Tired of dry, bland veggie burgers? We’ve got you. These homemade vegan cheeseburgers feature tasty veggie patties formed with a hearty combination of sautéed vegetables, quinoa, and bread crumbs, seasoned with savory vegan Worcestershire sauce and fresh herbs. Topped with a finger-licking-good potato-based “cheese” sauce and a tangy pepper-onion medley, you’ll want to make these open-faced beauties again and again. Serve with a side of coleslaw or baked french fries to really step up your burger game! There is no shortage of veggie burger recipes that you can try out!

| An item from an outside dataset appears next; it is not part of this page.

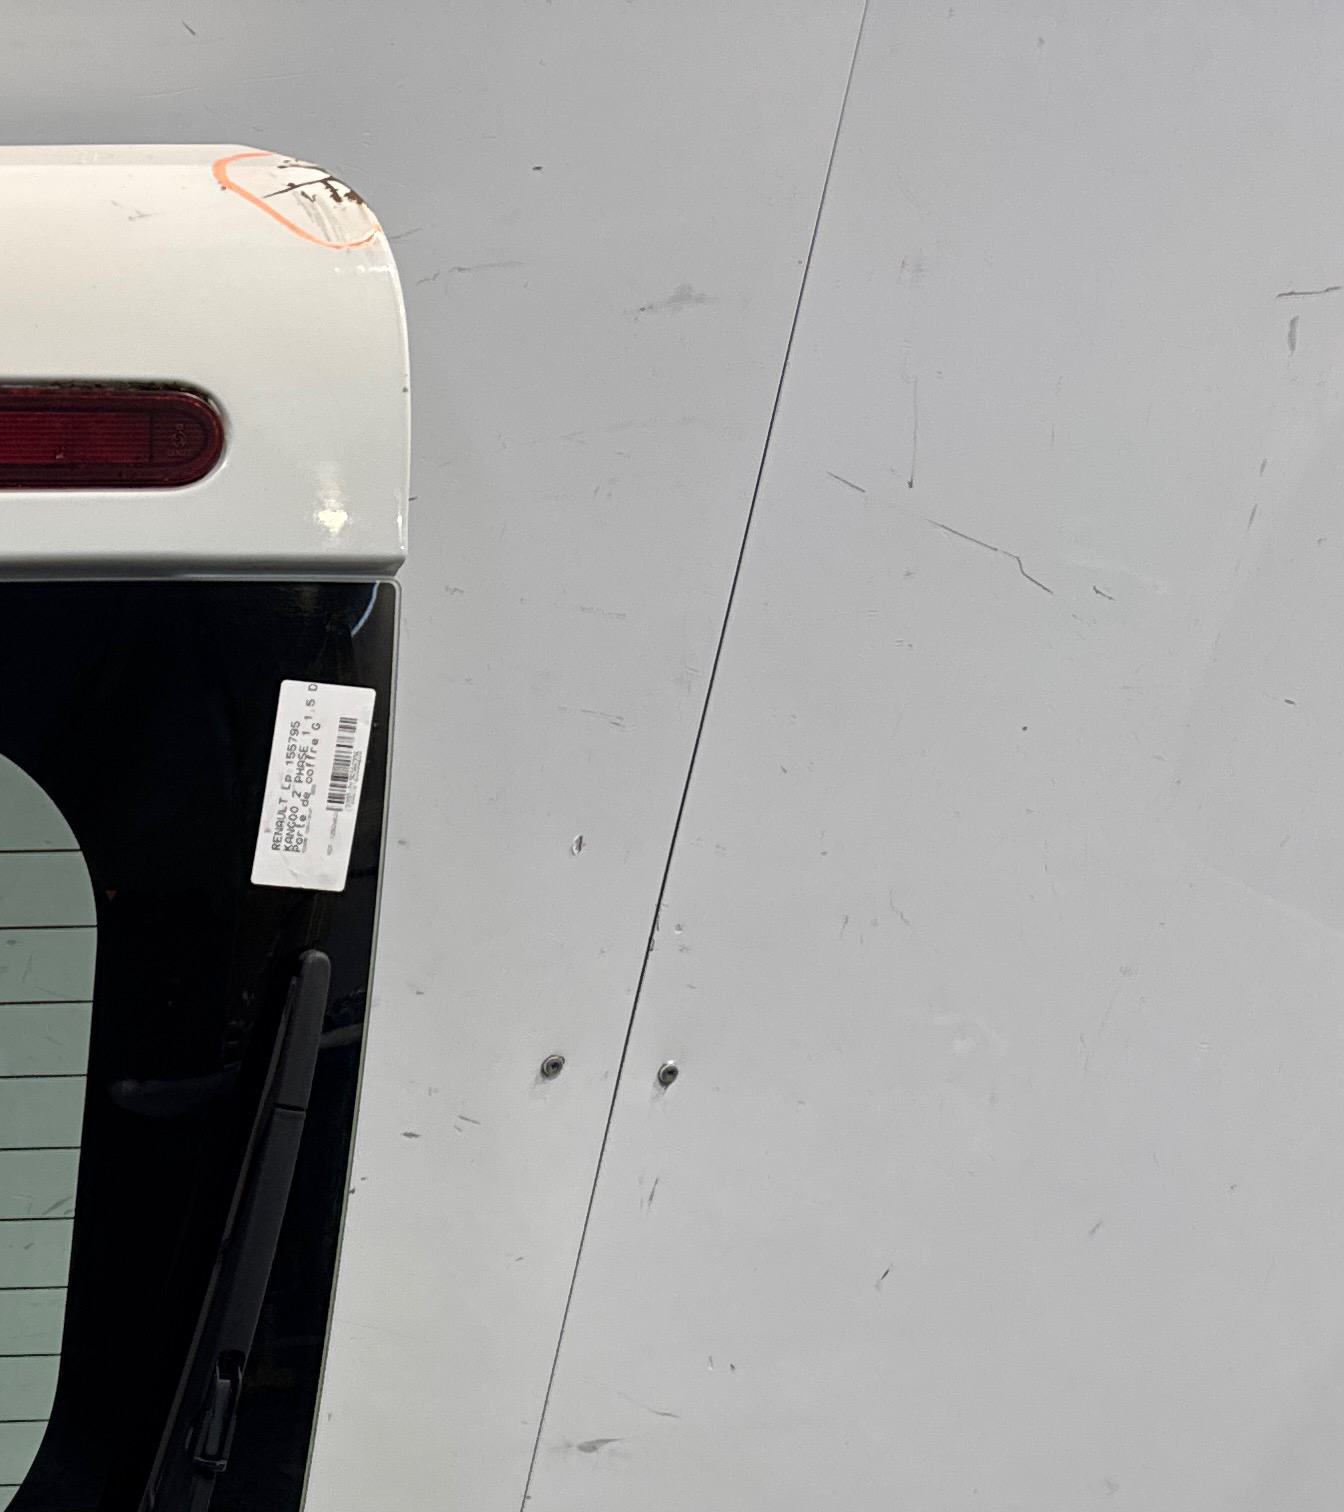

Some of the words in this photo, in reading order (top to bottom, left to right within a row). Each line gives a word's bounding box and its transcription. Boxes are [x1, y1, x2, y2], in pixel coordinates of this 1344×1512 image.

By Darshana Thacker Wendel,

Ingredients

  • 2 cups finely chopped onions
  • 11 to 13 cloves garlic, minced
  • 1 large carrot, cut into ½-inch pieces
  • 2 stalks celery, cut into 1-inch pieces
  • 1 bell pepper (any color), cut into 1-inch pieces
  • 6 oz. green beans, cut into 1-inch pieces
  • 6 oz. fresh trumpet mushrooms, cut into 1-inch pieces
  • ¼ cup finely chopped fresh parsley
  • 3 tablespoons vegan Worcestershire sauce
  • 4 tablespoons + 1 teaspoon white wine vinegar
  • 1 tablespoon finely chopped fresh thyme or ½ teaspoon dried thyme
  • 1 tablespoon smoked paprika
  • ½ teaspoon freshly ground black pepper
  • 1 cup cooked quinoa or millet
  • ½ cup whole wheat flour or brown rice flour
  • ½ cup whole wheat bread crumbs
  • ½ teaspoon sea salt
  • 1 large red onion, cut into ¼-inch-thick slices
  • 2 large green bell peppers, cut into ¼-inch-thick slices
  • 2 medium Yukon gold potatoes
  • 1½ cups unsweetened, unflavored plant-based milk
  • ½ cup nutritional yeast
  • 5 whole grain burger buns

Instructions

  • Preheat oven to 400°F. Line two baking sheets with silicone baking mats.
  • In a large skillet combine chopped onions, minced garlic (reserving one clove for Cheese Sauce), and ¼ cup water. Cook over medium-low 5 to 7 minutes or until onion is translucent.
  • In a food processor combine the next five ingredients (through mushrooms). Pulse until vegetables are uniform ¼-inch bits. Transfer vegetables to skillet; add parsley, Worcestershire sauce, 1 tablespoon of the vinegar, the thyme, paprika, and black pepper. Cook 15 minutes or until vegetables are tender and most of the liquid is cooked off.
  • Add quinoa, flour, bread crumbs, and salt; mix well. Cook 5 minutes more. Remove from heat; cool 10 minutes.
  • Place a 2 ½-inch round patty mold or cookie cutter on one of the prepared baking sheets. Fill the mold with about ½ cup of the vegetable mixture; press with the back of a spoon to compact. Carefully remove mold. Repeat to make a total of 10 patties on the baking sheet.
  • Bake burgers on middle rack in oven 20 minutes.
  • For toppings, in a bowl combine sliced red onion, sliced bell peppers, and 2 tablespoons vinegar; mix well. Arrange vegetables on the second baking sheet. Bake on top rack in oven 20 minutes.
  • For Cheese Sauce, peel the potatoes and cut into 1-inch cubes. Place potatoes in a steamer basket in a large saucepan. Add water to pan to just below basket. Bring to boiling. Steam, covered, 10 to 15 minutes or until very tender. Transfer potatoes to a blender; cool. Add the plant-based milk, nutritional yeast, the remaining vinegar, and remaining minced garlic. Blend just until smooth. Season with sea salt and freshly ground black pepper. Transfer sauce to a saucepan; heat until thick and warmed through.
  • Split buns and warm them in a toaster or skillet. Top each bun half with a burger, onion-pepper mixture, and Cheese Sauce.
Nutritional Information:

Per serving (1 burger): 222 calories, 42 g carbohydrates, 10 g protein, 2.7 g total fat, 0.5 g saturated fat, 0 g cholesterol, 304 mg sodium, 7 g fiber, 6.8 g sugar

Note: Nutritional information is provided as an estimate only.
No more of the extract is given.